Dataset records
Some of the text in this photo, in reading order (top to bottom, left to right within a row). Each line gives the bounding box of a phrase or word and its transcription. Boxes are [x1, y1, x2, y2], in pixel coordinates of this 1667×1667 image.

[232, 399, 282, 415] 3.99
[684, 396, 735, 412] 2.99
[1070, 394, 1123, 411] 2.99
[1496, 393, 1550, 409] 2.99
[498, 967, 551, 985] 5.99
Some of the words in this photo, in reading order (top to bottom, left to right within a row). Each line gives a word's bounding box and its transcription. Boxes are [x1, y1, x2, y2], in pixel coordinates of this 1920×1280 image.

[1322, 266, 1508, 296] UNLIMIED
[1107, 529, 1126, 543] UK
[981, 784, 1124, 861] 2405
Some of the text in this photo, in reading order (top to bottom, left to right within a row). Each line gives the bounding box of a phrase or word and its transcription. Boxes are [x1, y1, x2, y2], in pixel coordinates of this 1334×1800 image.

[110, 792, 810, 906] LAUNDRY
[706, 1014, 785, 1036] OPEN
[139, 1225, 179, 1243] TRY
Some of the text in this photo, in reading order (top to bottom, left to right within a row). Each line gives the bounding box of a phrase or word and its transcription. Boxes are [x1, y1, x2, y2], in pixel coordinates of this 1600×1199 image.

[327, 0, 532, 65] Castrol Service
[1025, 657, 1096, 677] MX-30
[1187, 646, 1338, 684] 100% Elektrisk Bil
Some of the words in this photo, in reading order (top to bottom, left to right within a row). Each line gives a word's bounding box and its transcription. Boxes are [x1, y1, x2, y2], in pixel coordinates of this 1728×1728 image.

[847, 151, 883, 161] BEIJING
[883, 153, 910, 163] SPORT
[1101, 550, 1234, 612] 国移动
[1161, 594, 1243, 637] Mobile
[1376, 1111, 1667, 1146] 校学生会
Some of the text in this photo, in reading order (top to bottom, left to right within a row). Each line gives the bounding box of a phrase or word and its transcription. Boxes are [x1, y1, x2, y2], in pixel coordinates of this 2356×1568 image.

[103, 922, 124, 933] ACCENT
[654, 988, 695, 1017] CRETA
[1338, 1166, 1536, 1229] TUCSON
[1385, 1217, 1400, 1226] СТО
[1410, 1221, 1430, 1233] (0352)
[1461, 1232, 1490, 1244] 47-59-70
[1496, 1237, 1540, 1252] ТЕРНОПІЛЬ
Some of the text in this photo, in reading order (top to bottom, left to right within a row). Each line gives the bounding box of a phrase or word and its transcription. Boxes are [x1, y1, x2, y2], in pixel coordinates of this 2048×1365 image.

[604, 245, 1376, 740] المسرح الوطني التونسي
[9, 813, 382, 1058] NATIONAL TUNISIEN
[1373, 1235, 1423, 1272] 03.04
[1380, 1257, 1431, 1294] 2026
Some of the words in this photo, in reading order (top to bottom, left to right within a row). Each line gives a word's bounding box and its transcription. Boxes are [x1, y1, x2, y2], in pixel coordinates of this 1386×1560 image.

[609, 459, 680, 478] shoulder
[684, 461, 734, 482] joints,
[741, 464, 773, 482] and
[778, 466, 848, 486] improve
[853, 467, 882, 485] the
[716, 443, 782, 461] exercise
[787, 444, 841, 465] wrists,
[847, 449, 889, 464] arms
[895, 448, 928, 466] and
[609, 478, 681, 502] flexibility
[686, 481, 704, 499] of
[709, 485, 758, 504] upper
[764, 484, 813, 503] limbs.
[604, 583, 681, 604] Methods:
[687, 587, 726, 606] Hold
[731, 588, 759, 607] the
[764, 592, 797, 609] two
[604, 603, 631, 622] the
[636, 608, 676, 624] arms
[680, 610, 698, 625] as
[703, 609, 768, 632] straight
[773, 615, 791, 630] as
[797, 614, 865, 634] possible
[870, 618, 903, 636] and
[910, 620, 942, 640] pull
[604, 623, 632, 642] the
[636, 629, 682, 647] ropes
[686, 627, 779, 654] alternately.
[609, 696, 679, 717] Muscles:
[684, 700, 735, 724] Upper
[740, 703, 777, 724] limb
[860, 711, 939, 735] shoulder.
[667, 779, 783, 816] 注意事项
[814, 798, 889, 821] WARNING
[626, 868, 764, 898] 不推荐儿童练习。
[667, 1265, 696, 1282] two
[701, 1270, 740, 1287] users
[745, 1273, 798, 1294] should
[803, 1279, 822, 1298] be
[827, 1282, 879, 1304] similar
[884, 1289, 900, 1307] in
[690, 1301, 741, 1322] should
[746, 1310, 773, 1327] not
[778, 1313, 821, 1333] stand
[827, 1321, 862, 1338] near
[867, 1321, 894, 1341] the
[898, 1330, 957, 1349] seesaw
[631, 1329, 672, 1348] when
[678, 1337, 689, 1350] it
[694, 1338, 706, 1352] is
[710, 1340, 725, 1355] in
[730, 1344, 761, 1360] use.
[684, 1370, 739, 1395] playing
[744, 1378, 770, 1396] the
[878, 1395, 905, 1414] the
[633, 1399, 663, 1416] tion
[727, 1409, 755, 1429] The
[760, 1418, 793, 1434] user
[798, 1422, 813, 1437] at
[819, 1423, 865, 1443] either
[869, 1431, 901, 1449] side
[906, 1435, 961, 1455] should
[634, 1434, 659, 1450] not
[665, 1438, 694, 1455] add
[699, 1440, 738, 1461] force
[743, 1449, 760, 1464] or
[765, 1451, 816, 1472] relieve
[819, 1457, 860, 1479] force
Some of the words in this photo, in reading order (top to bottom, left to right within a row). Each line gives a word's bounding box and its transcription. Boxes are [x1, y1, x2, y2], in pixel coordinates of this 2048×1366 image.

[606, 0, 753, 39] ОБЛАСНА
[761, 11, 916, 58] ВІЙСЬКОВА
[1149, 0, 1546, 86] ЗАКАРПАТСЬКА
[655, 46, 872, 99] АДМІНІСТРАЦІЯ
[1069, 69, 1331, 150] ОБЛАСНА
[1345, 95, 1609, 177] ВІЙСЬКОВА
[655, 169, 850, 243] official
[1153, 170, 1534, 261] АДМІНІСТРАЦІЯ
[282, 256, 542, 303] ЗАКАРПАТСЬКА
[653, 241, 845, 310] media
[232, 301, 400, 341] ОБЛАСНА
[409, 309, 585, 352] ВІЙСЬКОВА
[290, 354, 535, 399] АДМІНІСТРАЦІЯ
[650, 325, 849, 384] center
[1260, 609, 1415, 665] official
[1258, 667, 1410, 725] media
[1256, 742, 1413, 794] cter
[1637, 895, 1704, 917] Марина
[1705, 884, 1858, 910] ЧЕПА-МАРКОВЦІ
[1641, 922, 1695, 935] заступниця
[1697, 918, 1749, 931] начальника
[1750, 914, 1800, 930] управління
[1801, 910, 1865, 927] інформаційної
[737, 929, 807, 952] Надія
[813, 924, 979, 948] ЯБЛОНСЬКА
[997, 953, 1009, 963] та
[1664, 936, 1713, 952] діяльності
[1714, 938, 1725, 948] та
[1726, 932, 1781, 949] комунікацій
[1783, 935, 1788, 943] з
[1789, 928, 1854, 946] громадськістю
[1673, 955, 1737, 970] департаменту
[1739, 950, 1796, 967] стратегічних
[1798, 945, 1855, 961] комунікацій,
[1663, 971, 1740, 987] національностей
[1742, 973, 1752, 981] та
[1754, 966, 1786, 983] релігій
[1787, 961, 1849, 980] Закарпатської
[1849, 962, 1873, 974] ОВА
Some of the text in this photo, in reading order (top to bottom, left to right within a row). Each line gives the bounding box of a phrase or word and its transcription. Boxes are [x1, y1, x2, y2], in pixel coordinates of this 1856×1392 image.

● **Required work**
Each line of the data is to be retyped exactly as shown.

● **Answer space**
Some of the text in this photo, in reading order (top to bottom, left to right within a row). Each line gives the bounding box of a phrase or word and its transcription. Boxes are [x1, y1, x2, y2], in pixel coordinates of this 1667×1667 image.

[232, 399, 282, 415] 3.99
[684, 396, 735, 412] 2.99
[1070, 394, 1123, 411] 2.99
[1496, 393, 1550, 409] 2.99
[498, 967, 551, 985] 5.99
Some of the words in this photo, in reading order (top to bottom, left to right within a row). Each line gives a word's bounding box and its transcription. Boxes are [x1, y1, x2, y2], in pixel coordinates of this 1920×1280 image.

[1322, 266, 1508, 296] UNLIMIED
[1107, 529, 1126, 543] UK
[981, 784, 1124, 861] 2405
Some of the text in this photo, in reading order (top to bottom, left to right within a row). Each line gives the bounding box of a phrase or word and its transcription. Boxes are [x1, y1, x2, y2], in pixel coordinates of this 1334×1800 image.

[110, 792, 810, 906] LAUNDRY
[706, 1014, 785, 1036] OPEN
[139, 1225, 179, 1243] TRY
Some of the text in this photo, in reading order (top to bottom, left to right within a row). Each line gives the bounding box of a phrase or word and its transcription. Boxes are [x1, y1, x2, y2], in pixel coordinates of this 1600×1199 image.

[327, 0, 532, 65] Castrol Service
[1025, 657, 1096, 677] MX-30
[1187, 646, 1338, 684] 100% Elektrisk Bil
Some of the words in this photo, in reading order (top to bottom, left to right within a row). Each line gives a word's bounding box and its transcription. Boxes are [x1, y1, x2, y2], in pixel coordinates of this 1728×1728 image.

[847, 151, 883, 161] BEIJING
[883, 153, 910, 163] SPORT
[1101, 550, 1234, 612] 国移动
[1161, 594, 1243, 637] Mobile
[1376, 1111, 1667, 1146] 校学生会
Some of the text in this photo, in reading order (top to bottom, left to right within a row). Each line gives the bounding box of a phrase or word and its transcription. Boxes are [x1, y1, x2, y2], in pixel coordinates of this 2356×1568 image.

[103, 922, 124, 933] ACCENT
[654, 988, 695, 1017] CRETA
[1338, 1166, 1536, 1229] TUCSON
[1385, 1217, 1400, 1226] СТО
[1410, 1221, 1430, 1233] (0352)
[1461, 1232, 1490, 1244] 47-59-70
[1496, 1237, 1540, 1252] ТЕРНОПІЛЬ
Some of the text in this photo, in reading order (top to bottom, left to right within a row). Each line gives the bounding box of a phrase or word and its transcription. Boxes are [x1, y1, x2, y2], in pixel coordinates of this 2048×1365 image.

[604, 245, 1376, 740] المسرح الوطني التونسي
[9, 813, 382, 1058] NATIONAL TUNISIEN
[1373, 1235, 1423, 1272] 03.04
[1380, 1257, 1431, 1294] 2026
Some of the words in this photo, in reading order (top to bottom, left to right within a row). Each line gives a word's bounding box and its transcription. Boxes are [x1, y1, x2, y2], in pixel coordinates of this 1386×1560 image.

[609, 459, 680, 478] shoulder
[684, 461, 734, 482] joints,
[741, 464, 773, 482] and
[778, 466, 848, 486] improve
[853, 467, 882, 485] the
[716, 443, 782, 461] exercise
[787, 444, 841, 465] wrists,
[847, 449, 889, 464] arms
[895, 448, 928, 466] and
[609, 478, 681, 502] flexibility
[686, 481, 704, 499] of
[709, 485, 758, 504] upper
[764, 484, 813, 503] limbs.
[604, 583, 681, 604] Methods:
[687, 587, 726, 606] Hold
[731, 588, 759, 607] the
[764, 592, 797, 609] two
[604, 603, 631, 622] the
[636, 608, 676, 624] arms
[680, 610, 698, 625] as
[703, 609, 768, 632] straight
[773, 615, 791, 630] as
[797, 614, 865, 634] possible
[870, 618, 903, 636] and
[910, 620, 942, 640] pull
[604, 623, 632, 642] the
[636, 629, 682, 647] ropes
[686, 627, 779, 654] alternately.
[609, 696, 679, 717] Muscles:
[684, 700, 735, 724] Upper
[740, 703, 777, 724] limb
[860, 711, 939, 735] shoulder.
[667, 779, 783, 816] 注意事项
[814, 798, 889, 821] WARNING
[626, 868, 764, 898] 不推荐儿童练习。
[667, 1265, 696, 1282] two
[701, 1270, 740, 1287] users
[745, 1273, 798, 1294] should
[803, 1279, 822, 1298] be
[827, 1282, 879, 1304] similar
[884, 1289, 900, 1307] in
[690, 1301, 741, 1322] should
[746, 1310, 773, 1327] not
[778, 1313, 821, 1333] stand
[827, 1321, 862, 1338] near
[867, 1321, 894, 1341] the
[898, 1330, 957, 1349] seesaw
[631, 1329, 672, 1348] when
[678, 1337, 689, 1350] it
[694, 1338, 706, 1352] is
[710, 1340, 725, 1355] in
[730, 1344, 761, 1360] use.
[684, 1370, 739, 1395] playing
[744, 1378, 770, 1396] the
[878, 1395, 905, 1414] the
[633, 1399, 663, 1416] tion
[727, 1409, 755, 1429] The
[760, 1418, 793, 1434] user
[798, 1422, 813, 1437] at
[819, 1423, 865, 1443] either
[869, 1431, 901, 1449] side
[906, 1435, 961, 1455] should
[634, 1434, 659, 1450] not
[665, 1438, 694, 1455] add
[699, 1440, 738, 1461] force
[743, 1449, 760, 1464] or
[765, 1451, 816, 1472] relieve
[819, 1457, 860, 1479] force
Some of the words in this photo, in reading order (top to bottom, left to right within a row). Each line gives a word's bounding box and its transcription. Boxes are [x1, y1, x2, y2], in pixel coordinates of this 2048×1366 image.

[606, 0, 753, 39] ОБЛАСНА
[761, 11, 916, 58] ВІЙСЬКОВА
[1149, 0, 1546, 86] ЗАКАРПАТСЬКА
[655, 46, 872, 99] АДМІНІСТРАЦІЯ
[1069, 69, 1331, 150] ОБЛАСНА
[1345, 95, 1609, 177] ВІЙСЬКОВА
[655, 169, 850, 243] official
[1153, 170, 1534, 261] АДМІНІСТРАЦІЯ
[282, 256, 542, 303] ЗАКАРПАТСЬКА
[653, 241, 845, 310] media
[232, 301, 400, 341] ОБЛАСНА
[409, 309, 585, 352] ВІЙСЬКОВА
[290, 354, 535, 399] АДМІНІСТРАЦІЯ
[650, 325, 849, 384] center
[1260, 609, 1415, 665] official
[1258, 667, 1410, 725] media
[1256, 742, 1413, 794] cter
[1637, 895, 1704, 917] Марина
[1705, 884, 1858, 910] ЧЕПА-МАРКОВЦІ
[1641, 922, 1695, 935] заступниця
[1697, 918, 1749, 931] начальника
[1750, 914, 1800, 930] управління
[1801, 910, 1865, 927] інформаційної
[737, 929, 807, 952] Надія
[813, 924, 979, 948] ЯБЛОНСЬКА
[997, 953, 1009, 963] та
[1664, 936, 1713, 952] діяльності
[1714, 938, 1725, 948] та
[1726, 932, 1781, 949] комунікацій
[1783, 935, 1788, 943] з
[1789, 928, 1854, 946] громадськістю
[1673, 955, 1737, 970] департаменту
[1739, 950, 1796, 967] стратегічних
[1798, 945, 1855, 961] комунікацій,
[1663, 971, 1740, 987] національностей
[1742, 973, 1752, 981] та
[1754, 966, 1786, 983] релігій
[1787, 961, 1849, 980] Закарпатської
[1849, 962, 1873, 974] ОВА
Some of the text in this photo, in reading order (top to bottom, left to right within a row). Each line gives the bounding box of a phrase or word and its transcription. Boxes are [x1, y1, x2, y2], in pixel coordinates of this 1856×1392 image.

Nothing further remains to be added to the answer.